Supply and the labour market
Employment has grown at a strong pace in recent years and the unemployment rate has declined to around its pre-crisis average. Wage growth, however, has remained relatively weak. That is likely predominantly to reflect slow productivity growth but, more recently, a drag from the low level of headline inflation has probably also weighed on wage growth. It is possible, though, that a range of other factors, such as a fall in the equilibrium rate of unemployment and softer inflation expectations, have also dampened wage growth. As the factors weighing on wage growth dissipate, it is projected to pick up towards its pre-crisis average rate.
Costs and prices
CPI inflation rose to 0.5% in March, although it probably fell back to 0.3% in April. The low rate of inflation mainly reflects the effects of past falls in energy and food prices, but it also reflects the effects of the past appreciation of sterling on other imported goods and services prices, and subdued domestic cost growth. Inflation is projected to rise gently over the summer months as the effects of those external factors continue to fade, with the recent pickup in oil prices supporting that rise. Further ahead, domestic cost pressures are expected to pick up gradually. Inflation expectations are judged to remain broadly consistent with the MPC’s 2% target.
Prospects for inflation
CPI inflation has risen a little further, to 0.5%, but remains well below the 2% target. That shortfall primarily reflects a continuing, albeit temporary, effect from past falls in energy prices, along with a drag from the prices of food and other imported goods and services; domestic cost pressures also remain subdued. Four-quarter GDP growth has slowed from above-average rates in 2014, and is likely to have fallen back further in 2016 Q2 as uncertainty around the forthcoming referendum on UK membership of the European Union weighs on companies’ and households’ spending.

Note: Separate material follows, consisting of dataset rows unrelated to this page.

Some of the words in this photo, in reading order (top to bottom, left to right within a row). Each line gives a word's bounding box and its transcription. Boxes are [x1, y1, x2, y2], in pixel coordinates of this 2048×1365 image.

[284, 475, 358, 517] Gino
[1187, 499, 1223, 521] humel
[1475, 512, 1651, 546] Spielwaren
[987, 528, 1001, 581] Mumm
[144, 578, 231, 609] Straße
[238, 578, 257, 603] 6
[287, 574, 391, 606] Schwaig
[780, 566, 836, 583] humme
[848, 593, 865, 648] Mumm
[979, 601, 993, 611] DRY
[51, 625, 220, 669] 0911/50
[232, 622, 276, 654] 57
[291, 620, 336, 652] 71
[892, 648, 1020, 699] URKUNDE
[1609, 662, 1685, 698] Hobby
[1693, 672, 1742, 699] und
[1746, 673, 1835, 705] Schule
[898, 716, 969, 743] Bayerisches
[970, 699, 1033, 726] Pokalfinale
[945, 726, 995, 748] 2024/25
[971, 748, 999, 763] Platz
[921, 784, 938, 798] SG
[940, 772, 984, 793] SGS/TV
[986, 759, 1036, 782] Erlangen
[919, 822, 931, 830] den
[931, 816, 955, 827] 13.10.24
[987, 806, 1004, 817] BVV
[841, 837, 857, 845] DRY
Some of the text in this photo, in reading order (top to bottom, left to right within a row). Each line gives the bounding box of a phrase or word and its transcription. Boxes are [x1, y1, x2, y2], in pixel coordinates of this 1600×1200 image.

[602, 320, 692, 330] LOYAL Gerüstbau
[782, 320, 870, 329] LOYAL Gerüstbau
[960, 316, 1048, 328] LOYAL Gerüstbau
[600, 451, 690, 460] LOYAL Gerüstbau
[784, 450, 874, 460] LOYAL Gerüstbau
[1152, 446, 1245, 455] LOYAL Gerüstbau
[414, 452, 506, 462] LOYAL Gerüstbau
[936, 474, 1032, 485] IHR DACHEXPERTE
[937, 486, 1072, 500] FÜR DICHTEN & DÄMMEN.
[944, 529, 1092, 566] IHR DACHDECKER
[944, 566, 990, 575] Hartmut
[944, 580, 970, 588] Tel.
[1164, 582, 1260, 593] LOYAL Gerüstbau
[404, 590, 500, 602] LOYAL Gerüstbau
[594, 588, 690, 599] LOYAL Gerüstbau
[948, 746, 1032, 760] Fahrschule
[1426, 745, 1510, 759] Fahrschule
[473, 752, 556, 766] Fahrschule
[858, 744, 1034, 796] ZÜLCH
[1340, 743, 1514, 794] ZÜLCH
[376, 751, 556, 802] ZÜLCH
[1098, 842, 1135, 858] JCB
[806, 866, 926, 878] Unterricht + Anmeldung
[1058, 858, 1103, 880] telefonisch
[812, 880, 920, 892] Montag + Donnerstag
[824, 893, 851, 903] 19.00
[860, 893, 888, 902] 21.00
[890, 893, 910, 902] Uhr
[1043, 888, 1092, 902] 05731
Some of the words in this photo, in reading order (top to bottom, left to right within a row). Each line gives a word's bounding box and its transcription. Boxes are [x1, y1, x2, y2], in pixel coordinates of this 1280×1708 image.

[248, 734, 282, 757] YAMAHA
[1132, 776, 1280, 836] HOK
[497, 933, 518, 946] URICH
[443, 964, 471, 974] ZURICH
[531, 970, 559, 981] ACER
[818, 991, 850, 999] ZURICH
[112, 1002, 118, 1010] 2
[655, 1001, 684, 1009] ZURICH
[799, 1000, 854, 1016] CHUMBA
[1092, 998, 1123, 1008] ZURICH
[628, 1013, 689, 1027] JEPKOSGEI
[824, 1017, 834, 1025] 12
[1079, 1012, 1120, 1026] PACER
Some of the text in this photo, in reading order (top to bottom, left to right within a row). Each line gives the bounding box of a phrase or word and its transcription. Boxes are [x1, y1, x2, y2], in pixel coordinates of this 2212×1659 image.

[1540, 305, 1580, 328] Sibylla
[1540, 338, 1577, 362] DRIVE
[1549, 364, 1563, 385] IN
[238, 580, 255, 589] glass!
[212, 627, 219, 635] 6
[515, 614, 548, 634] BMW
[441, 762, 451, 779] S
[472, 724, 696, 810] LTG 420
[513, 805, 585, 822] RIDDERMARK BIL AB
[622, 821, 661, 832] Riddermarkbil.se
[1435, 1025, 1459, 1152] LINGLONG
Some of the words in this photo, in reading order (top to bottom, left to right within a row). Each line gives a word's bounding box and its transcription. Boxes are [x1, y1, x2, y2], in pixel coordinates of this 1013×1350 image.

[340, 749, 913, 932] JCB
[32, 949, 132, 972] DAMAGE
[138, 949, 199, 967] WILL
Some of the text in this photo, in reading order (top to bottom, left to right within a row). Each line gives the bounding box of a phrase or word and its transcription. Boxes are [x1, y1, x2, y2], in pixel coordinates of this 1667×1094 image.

Consistent with the MPC’s usual convention that government policy is followed, the projections in this Report are conditioned on an assumed continuation of EU membership, so that weakness in activity starts to unwind in the second half of the year. The MPC’s best collective judgement, conditioned on the path for Bank Rate currently implied by market interest rates, is that growth is likely to recover next year, such that spare capacity is eroded and, as the drag from external factors fades, rising domestic cost growth returns inflation to the 2% target by the middle of 2018.